La femme de Barbe-Bleue


Une terreur sans nom courbe cette fois les enfants sous sa griffe. Des pieds à la tête ils sont glacés. Comme de pauvres petits oiseaux devant un serpent fascinateur, ils regardent de leurs yeux tout ronds les sept femmes mortes. Et là-bas, en face de la fenêtre au jour louche, dont un carreau brisé laisse entrer le vent, ne voilà-t-il pas qu’une d’elles se prend à remuer doucement !

Telle une vieille femme qui dodeline du menton sous le poids des ans, elle agite son chapeau à plumes démodé comme si elle saluait gracieusement les visiteurs d’un petit hochement de tête de cadavre bien élevé.

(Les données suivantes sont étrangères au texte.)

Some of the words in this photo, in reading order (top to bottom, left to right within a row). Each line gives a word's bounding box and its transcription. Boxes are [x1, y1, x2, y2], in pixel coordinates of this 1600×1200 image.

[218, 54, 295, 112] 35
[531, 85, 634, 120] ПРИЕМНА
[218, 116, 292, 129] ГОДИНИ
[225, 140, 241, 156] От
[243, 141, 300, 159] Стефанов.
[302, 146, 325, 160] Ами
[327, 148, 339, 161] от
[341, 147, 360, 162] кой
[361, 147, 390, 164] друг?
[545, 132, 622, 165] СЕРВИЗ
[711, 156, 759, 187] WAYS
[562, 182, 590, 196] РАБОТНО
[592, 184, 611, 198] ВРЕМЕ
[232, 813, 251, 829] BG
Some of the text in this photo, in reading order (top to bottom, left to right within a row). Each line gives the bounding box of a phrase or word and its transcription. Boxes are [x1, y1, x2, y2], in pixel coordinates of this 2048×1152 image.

Cette minute est épouvantable et décide du sort de Pierre et de Violette. Dans un vol éperdu, ils s’enfuient dans l’escalier, remuant avec fracas des chaises, et, sans rien voir, fous, ils s’affaissent sur le sol dans le vestibule solennel et silencieux.

Silencieux ? Pas pour longtemps… car maintenant, au-dessus d’eux, le rythme lourd de pas cadencés annonce la présence immédiate de l’assassin.

On l’entend, là, au-dessus des petites têtes innocentes, qui va et qui vient comme un ours en cage, escomptant sans doute « l’heure du sang »…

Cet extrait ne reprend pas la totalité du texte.